In this context classical presence-only modeling can also be integrated [9] into a hierarchical framework [101]. The first step is to model entomological data using environmental data relevant for the same time period. Indeed, mapping Anopheles information from literature records dating back several decades should be based on long term environmental factors such as climatic factors and not on factors such as land cover, or NDVI which are changing fast in some regions. The mapping of a first potential distribution based on long term slows changing information and literature records is then refined using a mask of fast changing updatable information such as land cover or current meteorological prediction. This allows producing a risk map or distribution map relevant for a specific date corresponding to the date of environmental factors used to refine the map. The resulting map is thus ecologically meaningful and relevant for a precise date. Recent other improvements in the field of presence only models include selection of pseudo-absence with a spatial bias similar to the potential bias of presence data [102], selection of the environmental factors to enter the model based on ecological requirements, adapted method for species with low number of occurrence [103].

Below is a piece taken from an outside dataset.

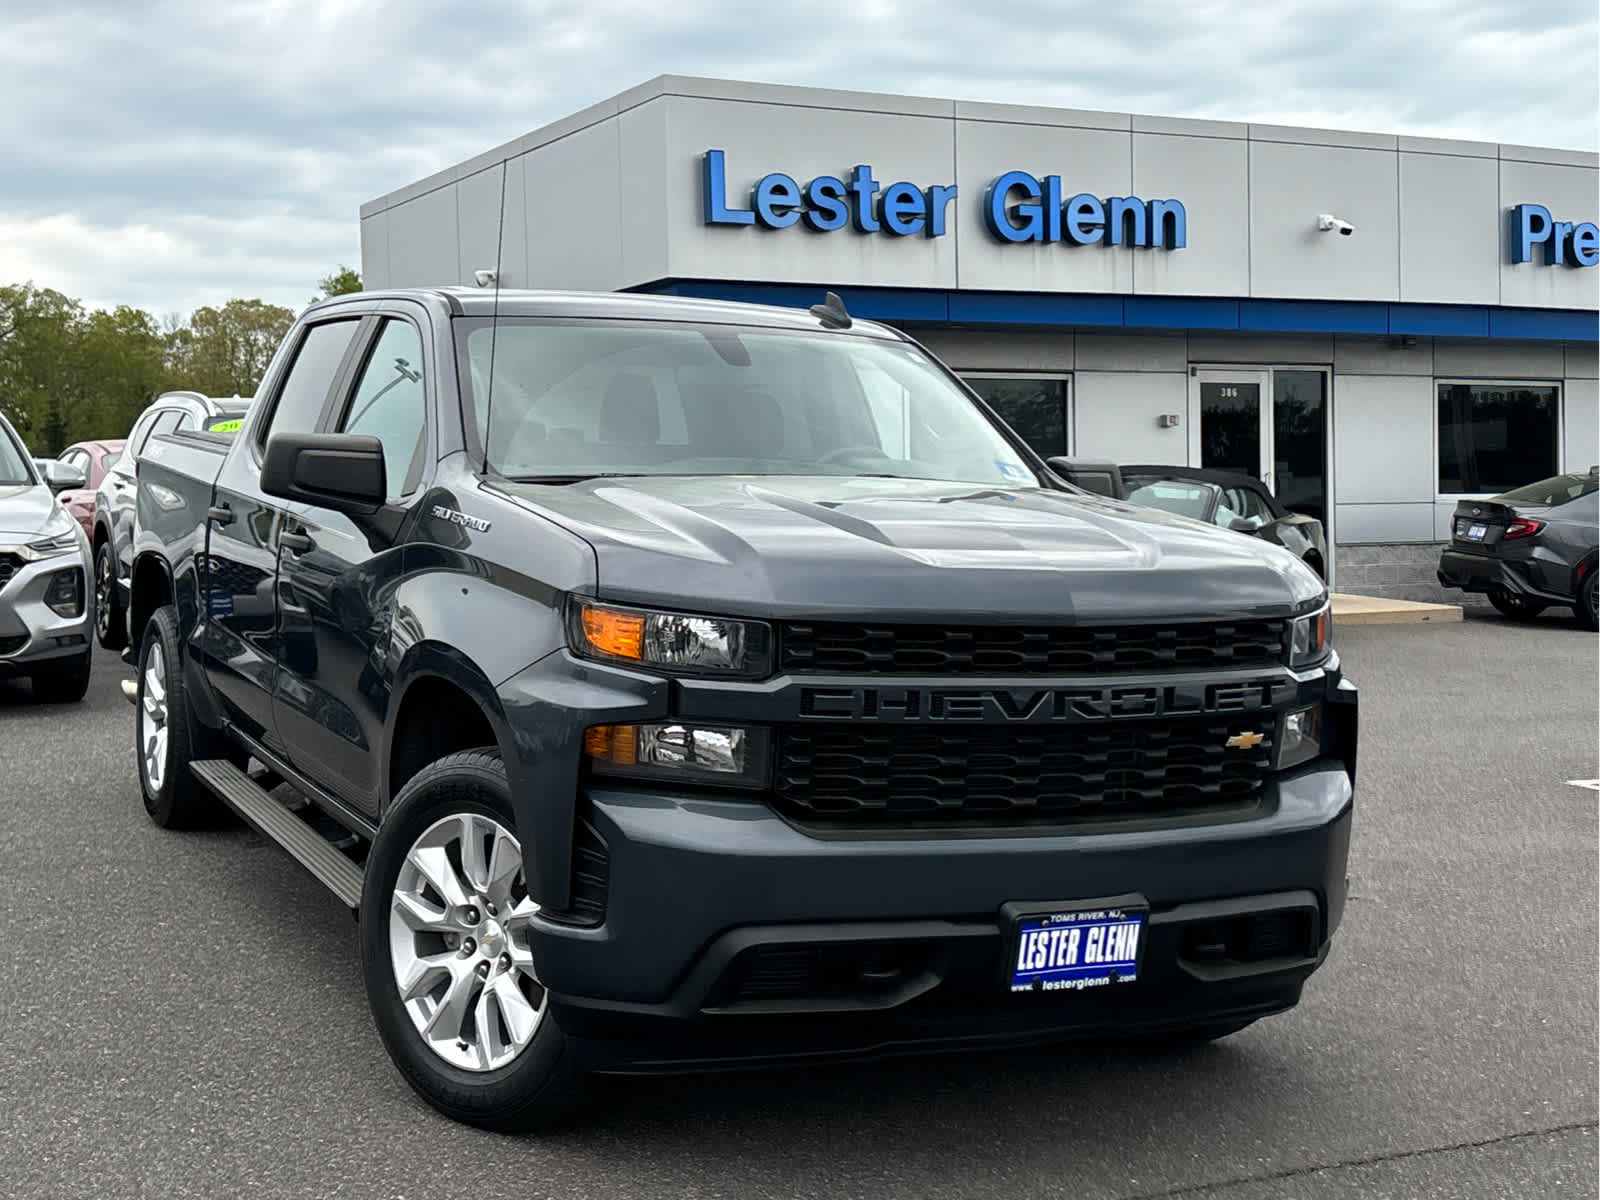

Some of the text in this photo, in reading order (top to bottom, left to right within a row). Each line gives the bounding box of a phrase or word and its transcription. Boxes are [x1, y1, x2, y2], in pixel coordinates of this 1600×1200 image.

Some issues still need to be tackled however. Ecological model should be based on source populations. Those are sustainable populations in suitable habitat. To the contrary, sink populations are surviving in habitat not suitable for population persistence but persist thanks to immigration from nearby source population. Typical museum records include both sink and source populations [104]. Moreover, current vector-borne disease distribution may be limited by a number of factors both environmental and socio-economic. For example, during the past 100 years, malaria risk zone has reduced from around a half down to a quarter of the Earth’s land surface. However malaria remains prevalent in 106 countries of the tropical and semitropical world, with 35 countries in central Africa bearing the highest burden of cases and deaths [105,106]. The latitudinal limits apparent today are in effect 'control frontiers' reflecting the interplay of control interventions combined with changes in environmental management and socio-economic developments that reduce community vulnerability to the disease [107]. Altitudinal limits to malaria transmission have been the subject of much discussion regarding shifting of malaria risk into highland regions, such as East Africa. If documented climate change [108] might have add a small impact, major factors for extension to new areas seem to be changes in land use and landscape leading to changes in local ecology for human and vector [109].

4.3.2. Time or space prediction — Evolution in time — Forecast

While delineation of potential habitat for a species is a first step in risk mapping for Anopheles-borne species, forecasting seasonal events and variation in (micro-) habitat suitability and mosquito population is essential. Remote sensing and Geographical Information Systems (GIS) contributed to the development of environmental systems to support vector control or more sophisticated early warning systems. Those systems usually target situations of epidemic malaria which occurs in regions where malaria is not present continuously but associated to climatic events such as a particularly wet season in near desert areas [110] or a hot season in African highlands [111]. Epidemic situation are predicted to increase preparedness in public health [112]. These first experiences are reviewed in [10]. Several trends are observed in current research, but a major effort is targeted towards the prediction of malaria epidemic season based on climatic/meteorological variables, particularly in the context of climate changes and availability of new meteorological data sources [35]. The disease risk is forecasted using seasonal climate prediction and in particular rainfall and sea-surface temperature [110], and influence of climate change analysed [113]. Following the development of the European ENSEMBLE System for seasonal to inter - annual prediction [114], challenging researches are now proposing to integrate the seasonal climate forecasts from climate model into malaria early warnings systems [115]. Regional specificity still needs to be integrated in such models as for example the fact that low rainfall may trigger epidemics in the highlands [116].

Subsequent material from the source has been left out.